• [Exercise brief]:
Repeat, exactly as written, all of the entries, but not their pictures.

• [Record excerpts]:
# # #
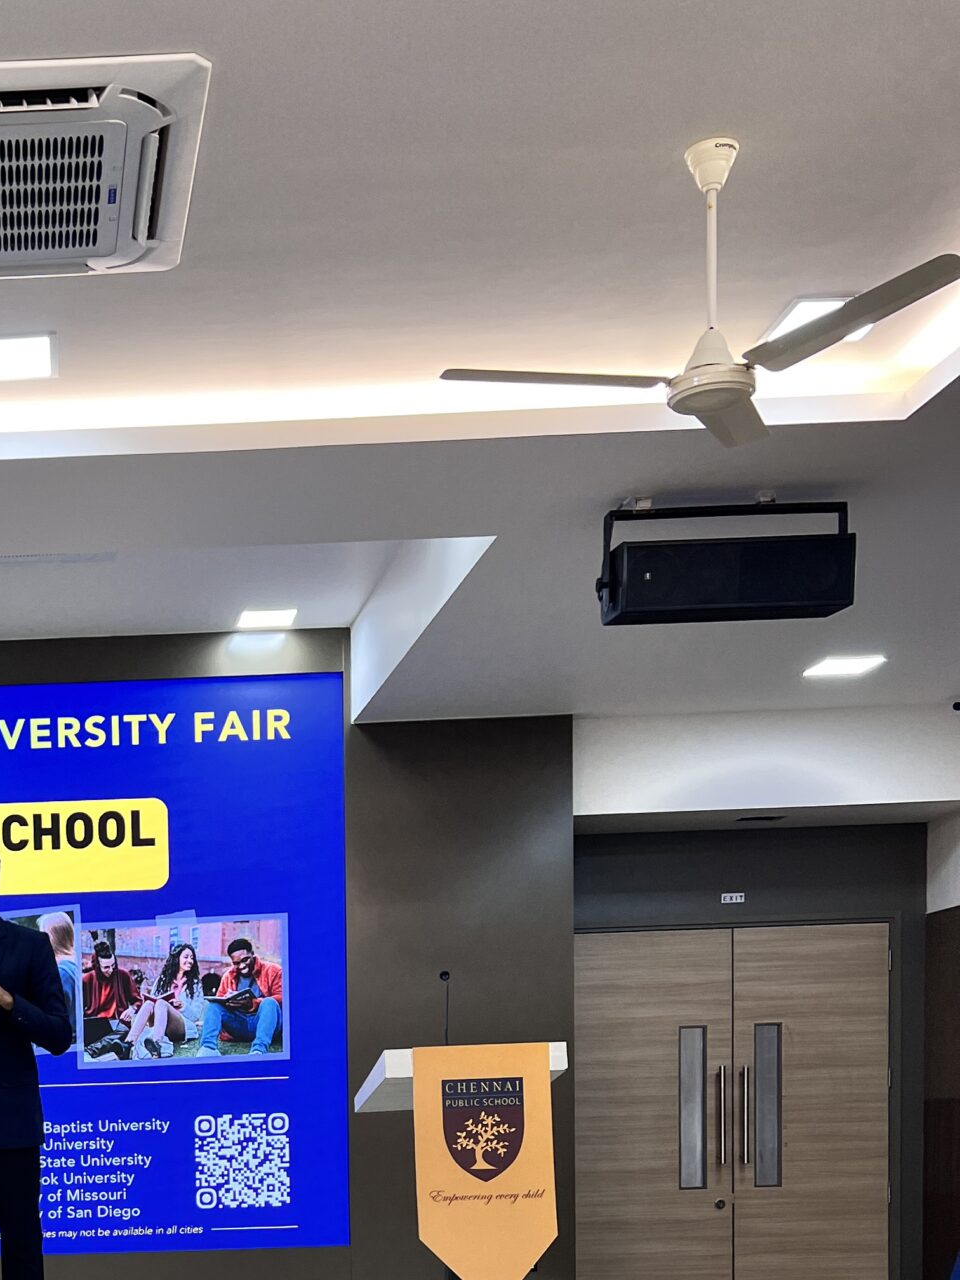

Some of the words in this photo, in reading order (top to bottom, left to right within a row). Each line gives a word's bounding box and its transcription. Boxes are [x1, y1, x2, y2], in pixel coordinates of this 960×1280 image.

[193, 708, 292, 744] FAIR
[445, 1081, 520, 1093] CHENNAI
[445, 1099, 480, 1107] PUBLIC
[483, 1097, 521, 1106] SCHOOL
[42, 1120, 94, 1138] Baptist
[98, 1117, 170, 1134] University
[42, 1137, 115, 1153] University
[39, 1155, 76, 1169] State
[80, 1152, 152, 1169] University
[63, 1170, 135, 1187] University
[47, 1188, 63, 1203] of
[66, 1187, 127, 1202] Missouri
[428, 1189, 493, 1206] Empowering
[495, 1193, 520, 1205] every
[522, 1189, 545, 1200] child
[47, 1205, 63, 1220] of
[66, 1205, 93, 1219] San
[97, 1205, 141, 1221] Diego
[58, 1230, 78, 1240] may
[79, 1229, 96, 1237] not
[97, 1227, 111, 1237] be
[112, 1226, 154, 1237] available
[155, 1227, 164, 1235] in
[165, 1225, 178, 1235] all
[179, 1226, 204, 1235] cities
# # #
• [The answer]:
Some of the words in this photo, in reading order (top to bottom, left to right within a row). Each line gives a word's bounding box and its transcription. Boxes are [x1, y1, x2, y2], in pixel coordinates of this 960×1280 image.

[193, 708, 292, 744] FAIR
[445, 1081, 520, 1093] CHENNAI
[445, 1099, 480, 1107] PUBLIC
[483, 1097, 521, 1106] SCHOOL
[42, 1120, 94, 1138] Baptist
[98, 1117, 170, 1134] University
[42, 1137, 115, 1153] University
[39, 1155, 76, 1169] State
[80, 1152, 152, 1169] University
[63, 1170, 135, 1187] University
[47, 1188, 63, 1203] of
[66, 1187, 127, 1202] Missouri
[428, 1189, 493, 1206] Empowering
[495, 1193, 520, 1205] every
[522, 1189, 545, 1200] child
[47, 1205, 63, 1220] of
[66, 1205, 93, 1219] San
[97, 1205, 141, 1221] Diego
[58, 1230, 78, 1240] may
[79, 1229, 96, 1237] not
[97, 1227, 111, 1237] be
[112, 1226, 154, 1237] available
[155, 1227, 164, 1235] in
[165, 1225, 178, 1235] all
[179, 1226, 204, 1235] cities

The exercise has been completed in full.